_Task instructions_: Print verbatim every line starting at the one that contains "this 1920×1440 image." and ending at the final line of the records; include both endpoints.

_Raw data_:
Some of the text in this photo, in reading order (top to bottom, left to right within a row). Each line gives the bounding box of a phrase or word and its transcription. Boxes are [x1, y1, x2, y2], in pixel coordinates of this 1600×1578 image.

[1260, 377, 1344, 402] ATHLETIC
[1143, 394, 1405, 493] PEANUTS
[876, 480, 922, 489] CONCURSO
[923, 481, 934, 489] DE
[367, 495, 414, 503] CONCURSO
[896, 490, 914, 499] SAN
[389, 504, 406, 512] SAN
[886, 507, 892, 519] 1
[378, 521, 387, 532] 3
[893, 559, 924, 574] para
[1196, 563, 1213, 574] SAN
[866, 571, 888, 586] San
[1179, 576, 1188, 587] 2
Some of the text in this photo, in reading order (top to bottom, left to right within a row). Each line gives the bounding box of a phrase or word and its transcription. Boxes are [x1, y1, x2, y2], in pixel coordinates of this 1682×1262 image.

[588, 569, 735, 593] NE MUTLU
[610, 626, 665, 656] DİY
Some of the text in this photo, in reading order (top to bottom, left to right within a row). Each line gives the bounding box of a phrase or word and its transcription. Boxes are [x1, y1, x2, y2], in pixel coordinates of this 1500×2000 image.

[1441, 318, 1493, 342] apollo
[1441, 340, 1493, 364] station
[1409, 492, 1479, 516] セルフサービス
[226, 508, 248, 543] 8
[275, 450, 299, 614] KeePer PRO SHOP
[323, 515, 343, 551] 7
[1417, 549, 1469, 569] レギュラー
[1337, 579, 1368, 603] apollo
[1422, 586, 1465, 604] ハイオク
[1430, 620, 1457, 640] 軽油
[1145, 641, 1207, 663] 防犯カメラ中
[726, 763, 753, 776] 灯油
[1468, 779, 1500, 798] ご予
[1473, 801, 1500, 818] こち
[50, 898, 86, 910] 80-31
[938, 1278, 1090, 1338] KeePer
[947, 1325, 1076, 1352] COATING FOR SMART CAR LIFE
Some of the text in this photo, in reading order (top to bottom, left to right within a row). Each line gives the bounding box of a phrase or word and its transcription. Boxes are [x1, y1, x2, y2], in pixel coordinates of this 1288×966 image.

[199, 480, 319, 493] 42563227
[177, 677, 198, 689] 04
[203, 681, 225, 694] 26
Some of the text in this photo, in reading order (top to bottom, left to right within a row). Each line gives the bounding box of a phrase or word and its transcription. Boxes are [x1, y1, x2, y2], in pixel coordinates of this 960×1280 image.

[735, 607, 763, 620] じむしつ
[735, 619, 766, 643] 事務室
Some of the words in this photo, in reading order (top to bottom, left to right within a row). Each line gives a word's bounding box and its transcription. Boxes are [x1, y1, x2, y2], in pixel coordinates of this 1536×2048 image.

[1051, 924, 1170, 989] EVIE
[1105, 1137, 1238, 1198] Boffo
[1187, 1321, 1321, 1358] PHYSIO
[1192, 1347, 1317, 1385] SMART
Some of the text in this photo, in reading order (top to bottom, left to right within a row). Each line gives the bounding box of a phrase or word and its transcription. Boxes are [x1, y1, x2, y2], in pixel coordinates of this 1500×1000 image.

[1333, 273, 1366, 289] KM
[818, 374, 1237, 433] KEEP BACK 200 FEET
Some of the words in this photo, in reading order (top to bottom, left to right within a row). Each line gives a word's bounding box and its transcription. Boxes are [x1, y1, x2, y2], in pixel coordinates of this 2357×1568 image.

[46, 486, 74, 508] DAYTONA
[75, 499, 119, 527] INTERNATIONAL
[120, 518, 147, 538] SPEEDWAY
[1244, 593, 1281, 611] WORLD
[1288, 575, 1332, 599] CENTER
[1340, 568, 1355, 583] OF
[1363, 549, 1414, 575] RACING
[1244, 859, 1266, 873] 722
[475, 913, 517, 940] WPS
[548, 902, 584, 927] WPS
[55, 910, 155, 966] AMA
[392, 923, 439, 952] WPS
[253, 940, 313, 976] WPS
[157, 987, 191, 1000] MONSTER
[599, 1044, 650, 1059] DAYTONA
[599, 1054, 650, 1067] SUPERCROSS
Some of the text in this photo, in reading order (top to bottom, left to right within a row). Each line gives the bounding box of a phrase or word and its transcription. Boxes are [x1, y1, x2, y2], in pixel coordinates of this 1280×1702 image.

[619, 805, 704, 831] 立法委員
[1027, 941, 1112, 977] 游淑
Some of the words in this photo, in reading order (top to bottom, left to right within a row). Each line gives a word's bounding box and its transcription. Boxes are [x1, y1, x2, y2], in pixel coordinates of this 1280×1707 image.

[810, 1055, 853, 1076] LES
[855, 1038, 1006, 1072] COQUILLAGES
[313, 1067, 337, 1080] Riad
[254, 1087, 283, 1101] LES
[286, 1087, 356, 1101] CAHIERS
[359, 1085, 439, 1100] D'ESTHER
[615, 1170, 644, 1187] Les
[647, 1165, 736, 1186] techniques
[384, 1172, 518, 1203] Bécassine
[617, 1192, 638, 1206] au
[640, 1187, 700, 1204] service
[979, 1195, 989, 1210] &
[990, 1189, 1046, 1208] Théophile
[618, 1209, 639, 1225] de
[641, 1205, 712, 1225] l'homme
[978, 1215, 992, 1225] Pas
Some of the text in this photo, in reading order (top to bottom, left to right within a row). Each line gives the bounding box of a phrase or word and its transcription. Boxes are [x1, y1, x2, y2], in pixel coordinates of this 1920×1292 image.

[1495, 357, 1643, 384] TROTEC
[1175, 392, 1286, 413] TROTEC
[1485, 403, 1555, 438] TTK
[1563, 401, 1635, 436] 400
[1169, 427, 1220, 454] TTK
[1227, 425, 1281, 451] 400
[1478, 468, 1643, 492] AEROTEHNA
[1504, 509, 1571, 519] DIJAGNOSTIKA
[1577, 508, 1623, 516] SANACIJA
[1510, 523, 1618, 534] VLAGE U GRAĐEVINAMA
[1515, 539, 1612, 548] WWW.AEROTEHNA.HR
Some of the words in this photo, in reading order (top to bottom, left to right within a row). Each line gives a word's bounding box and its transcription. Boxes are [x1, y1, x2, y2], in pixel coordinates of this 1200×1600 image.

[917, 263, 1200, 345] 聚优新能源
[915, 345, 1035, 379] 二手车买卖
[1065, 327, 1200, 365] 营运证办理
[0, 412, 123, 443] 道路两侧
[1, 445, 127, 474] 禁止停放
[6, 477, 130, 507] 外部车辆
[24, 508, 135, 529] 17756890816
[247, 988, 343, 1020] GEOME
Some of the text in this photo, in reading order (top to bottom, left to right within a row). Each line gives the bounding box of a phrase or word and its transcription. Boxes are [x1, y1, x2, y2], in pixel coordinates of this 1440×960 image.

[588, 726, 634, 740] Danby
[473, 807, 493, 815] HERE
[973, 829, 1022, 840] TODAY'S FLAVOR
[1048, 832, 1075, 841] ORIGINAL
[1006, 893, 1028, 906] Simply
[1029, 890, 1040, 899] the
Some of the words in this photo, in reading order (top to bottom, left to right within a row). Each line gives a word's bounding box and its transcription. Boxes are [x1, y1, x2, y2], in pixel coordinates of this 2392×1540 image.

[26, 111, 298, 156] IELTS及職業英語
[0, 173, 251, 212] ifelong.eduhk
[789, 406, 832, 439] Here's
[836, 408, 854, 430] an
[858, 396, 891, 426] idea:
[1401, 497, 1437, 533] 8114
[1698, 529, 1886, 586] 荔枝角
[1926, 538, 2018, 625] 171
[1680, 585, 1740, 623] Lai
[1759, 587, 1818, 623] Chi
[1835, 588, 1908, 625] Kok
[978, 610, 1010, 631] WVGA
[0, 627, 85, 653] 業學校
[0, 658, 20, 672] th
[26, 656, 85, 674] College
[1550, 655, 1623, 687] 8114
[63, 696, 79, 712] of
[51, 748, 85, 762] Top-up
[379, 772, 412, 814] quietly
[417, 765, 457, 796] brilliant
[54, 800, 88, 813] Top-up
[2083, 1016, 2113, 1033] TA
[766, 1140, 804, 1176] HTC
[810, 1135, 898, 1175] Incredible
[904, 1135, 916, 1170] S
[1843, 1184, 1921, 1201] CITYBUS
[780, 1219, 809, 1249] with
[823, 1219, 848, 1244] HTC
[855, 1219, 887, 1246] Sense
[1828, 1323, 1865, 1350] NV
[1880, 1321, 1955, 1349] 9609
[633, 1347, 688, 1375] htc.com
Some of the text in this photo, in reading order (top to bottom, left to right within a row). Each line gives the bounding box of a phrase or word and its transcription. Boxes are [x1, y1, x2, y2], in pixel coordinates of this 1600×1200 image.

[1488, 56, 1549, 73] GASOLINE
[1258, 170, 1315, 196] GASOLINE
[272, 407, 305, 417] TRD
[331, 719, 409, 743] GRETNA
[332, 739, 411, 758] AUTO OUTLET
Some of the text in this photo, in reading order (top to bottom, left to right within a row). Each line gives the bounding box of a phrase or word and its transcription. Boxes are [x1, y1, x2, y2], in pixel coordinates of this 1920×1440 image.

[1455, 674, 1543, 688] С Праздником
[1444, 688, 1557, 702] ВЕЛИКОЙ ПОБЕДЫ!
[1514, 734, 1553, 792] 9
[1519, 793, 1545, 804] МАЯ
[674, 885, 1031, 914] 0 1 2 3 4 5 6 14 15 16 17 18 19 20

_Expected output_:
Some of the text in this photo, in reading order (top to bottom, left to right within a row). Each line gives the bounding box of a phrase or word and its transcription. Boxes are [x1, y1, x2, y2], in pixel coordinates of this 1920×1440 image.

[1455, 674, 1543, 688] С Праздником
[1444, 688, 1557, 702] ВЕЛИКОЙ ПОБЕДЫ!
[1514, 734, 1553, 792] 9
[1519, 793, 1545, 804] МАЯ
[674, 885, 1031, 914] 0 1 2 3 4 5 6 14 15 16 17 18 19 20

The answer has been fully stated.